Больше я не выживал в этом месте – Сноук научил меня жить здесь. Жить так, что мне больше не требовалась новая доза страданий в доказательство, что я – всё ещё я, а все несчастья, если они всё же приключались со мной, были иного сорта. Я работал над собой так усердно, что и скука страшилась моей все возрастающей жизненной энергии и отступала прочь, пока я проводил время в качалке или плыл среди моря отбросов, заключая договора и пакты о перемирии, или наоборот, подстрекал к очередному бунту.

Занятый изо дня в день по самое не могу, я отдавал себе отчёт, что всё происходящее является не константой, но плацдармом для чего-то большего, того, что ждало меня на свободе, когда я выйду. Все уроки, преподанные мне Сноуком – не более чем вдумчивая и неторопливая тренировка перед тем, как мы с ним сможем, наконец, воскресить его империю, лежащую в руинах. Я не заметил, как стал грезить этим днём, взывать к нему, стараясь быть терпеливым и познавать криминальные азы и глубины со всем прилежанием, свойственным каждому из людей Сноука. Вот оно, моё будущее, ждавшее меня за горизонтом, дело моей жизни, цель моего выживания, растраченный остаток моей совести…

Да, совесть тоже потихоньку отмирала, но я не грустил об этом. Как и со всем прочим, свято место пусто не бывает – и ей найдётся замена. А пока место всё ещё вакантно (я уже чувствовал, как бессовестность стучится, стоя у порога), я собирался проститься с этой стервой-спиногрызкой как следует, использовав лучшее, что она когда-то давала мне…

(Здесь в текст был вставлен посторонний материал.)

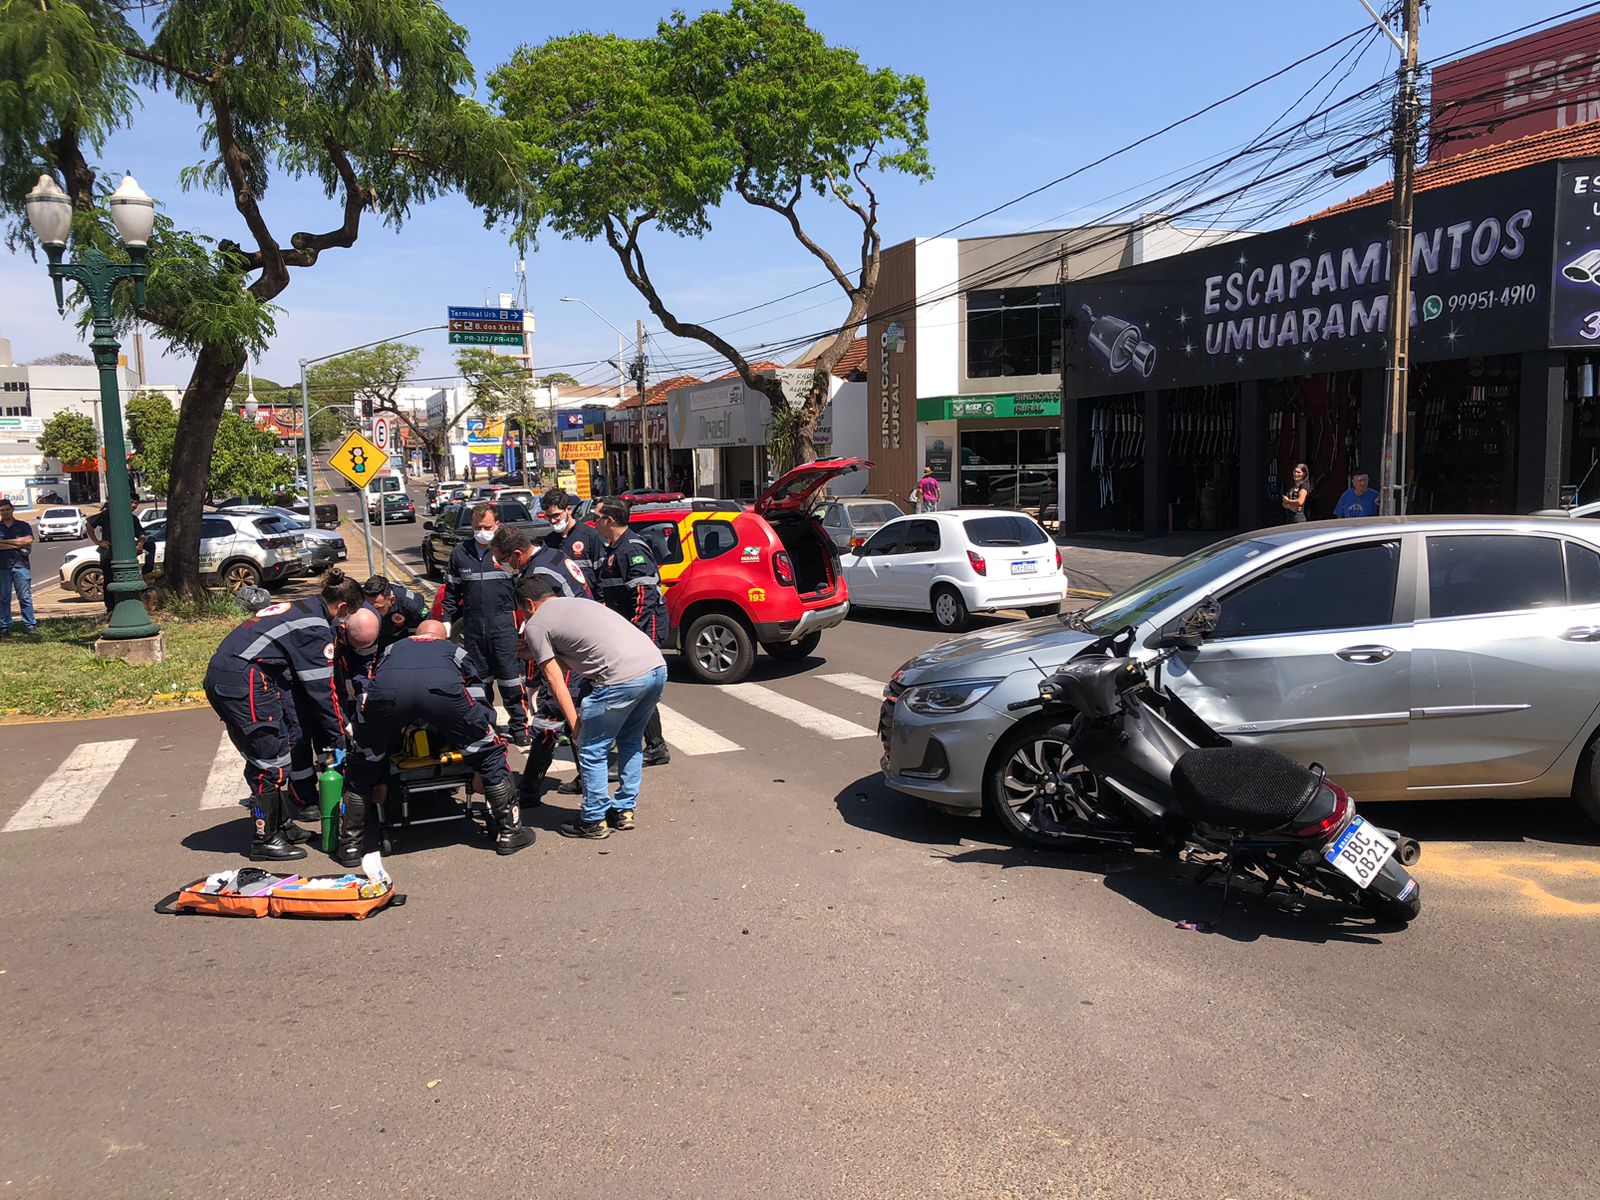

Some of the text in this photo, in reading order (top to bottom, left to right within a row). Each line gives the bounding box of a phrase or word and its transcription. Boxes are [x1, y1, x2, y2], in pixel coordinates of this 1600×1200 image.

[1204, 209, 1532, 314] ESCAPAMNTOS
[1448, 284, 1535, 312] 99951-4910
[450, 309, 482, 318] Terminal
[881, 332, 889, 449] SINDICATO
[1015, 392, 1061, 402] SINDICATO
[892, 374, 900, 449] RURAL
[1016, 404, 1044, 413] RURAL
[748, 593, 765, 602] 193
[1338, 831, 1355, 849] BRASIL
[1341, 831, 1371, 864] BBC
[1355, 839, 1390, 879] 6B21
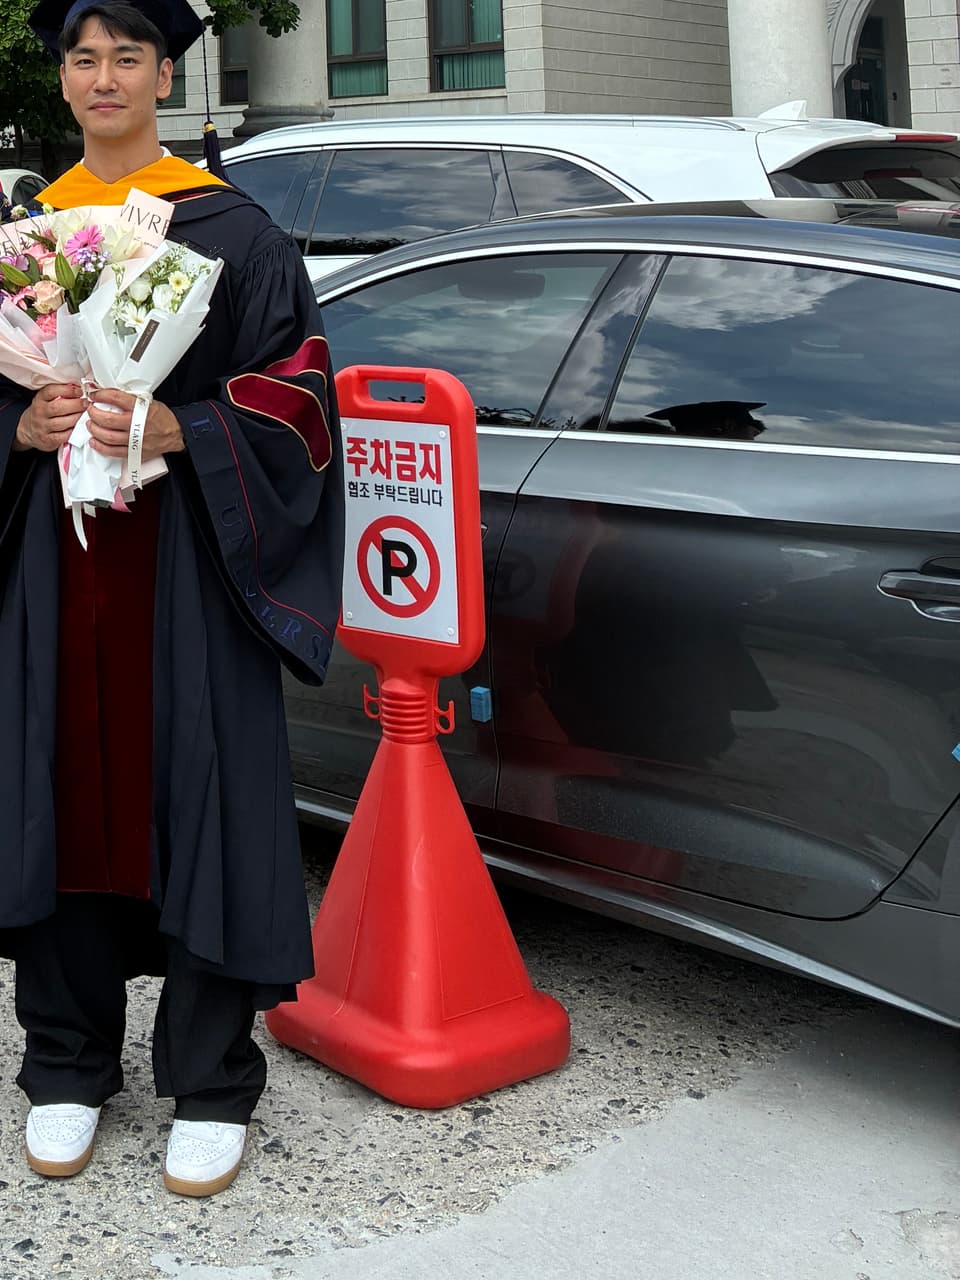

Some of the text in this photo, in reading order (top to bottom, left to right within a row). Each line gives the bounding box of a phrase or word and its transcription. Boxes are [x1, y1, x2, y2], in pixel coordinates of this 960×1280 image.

[132, 423, 141, 451] YLANG
[346, 436, 442, 485] 주차금지
[348, 481, 442, 507] 협조 부탁드립니다
[381, 539, 417, 596] P

Торжественный день прощания был назначен мною заранее, и продиктован он был жизненной необходимостью. Уставший от зловещего постоянного перехода от одного меня к другому при разговорах с Люком и Сноуком, я был вынужден признать, что кое в чём я всё-таки облажался. Сразу почуяв неладное, я тем не менее не смог предвидеть истинные масштабы, в каких на протяжении последних пары лет меня изводила разница между двумя «школами». Но палач Время, как это всегда бывает, всё расставило на свои места, поднеся вплотную к моему носу единственный возможный выход, словно вспомнив, что однажды оно было доктором Время для меня. Мне и правда требовалась помощь: я был не в силах и дальше смотреть в глаза одного и признавать его истину так, словно в душе я нехотя лицемерил, соглашаясь и кивая. При этом я мог совершенно искренне соглашаться или с полной уверенностью отрицать какую-либо мысль. Упорно не хотел считать себя двуличным ублюдком, а как знать, быть может и стоило? Может это помогло бы разорвать порочный круг чуточку раньше, сделать иной выбор, пойти другим путём?..

День, когда я на годы вперёд определился с наставником, прощаясь с последними, покидающими сердце угрызениями совести, я запомнил навсегда…

– Когда вы улетаете? – я смотрел на фото одиннадцатилетней девочки в невзрачном платье и на вымученную ради фотографии улыбку на её лице. Малышка росла так быстро, а у меня не получается радоваться этому так, как должно.

– В эти выходные, – облегчённо выдохнул Люк, сидящий за перегородкой передо мной. – Все бумаги, наконец, у меня на руках, так что этим утром я купил билеты. Ты точно уверен, что не хочешь с ней увидеться?

– Точно, – отрезал я. План оставаться немногословным при этой беседе, чтобы добиться лучшего эффекта по её окончании, нарушил усталый и измученный вид дядюшки, так что я вопреки задуманному исторг из себя чуточку больше, чем рассчитывал: – Видел бы ты наше с ней прощание тогда, в первый раз, то даже не заикался бы о подобном.

– А что было тогда? – на мою голову заинтересовался он.

– Её оттаскивали от меня трое взрослых. Силой, так как ни на мои, ни на их уговоры она не поддавалась. Поверь, я счастлив тем, что всё, наконец, сложилось. Большего мне и не надо.

Что, слабо было сказать так, как есть? Большего мне не дано? И трус, и лжец.

Люк умудрёно кивнул, тяжело вздохнув и не став повторно предлагать мне встречу.

– Не забывай присылать мне открытки, – криво улыбнулся я, провоцируя на выдачу нужной мне фразы из его уст.

– Не только открытки, – заверил он и не разочаровав меня, добавил: – Я по-прежнему буду приезжать к тебе.

Я закивал, как болванчик, собираясь с силами, чтобы как следует ударить не ждущего удара Люка.

– Да-а-а… На счёт этого. Не нужно больше приезжать сюда, Люк. И звонить тоже, – я поднял полувиноватый, впрочем, не лишённый льдинки, взгляд к лицу дяди.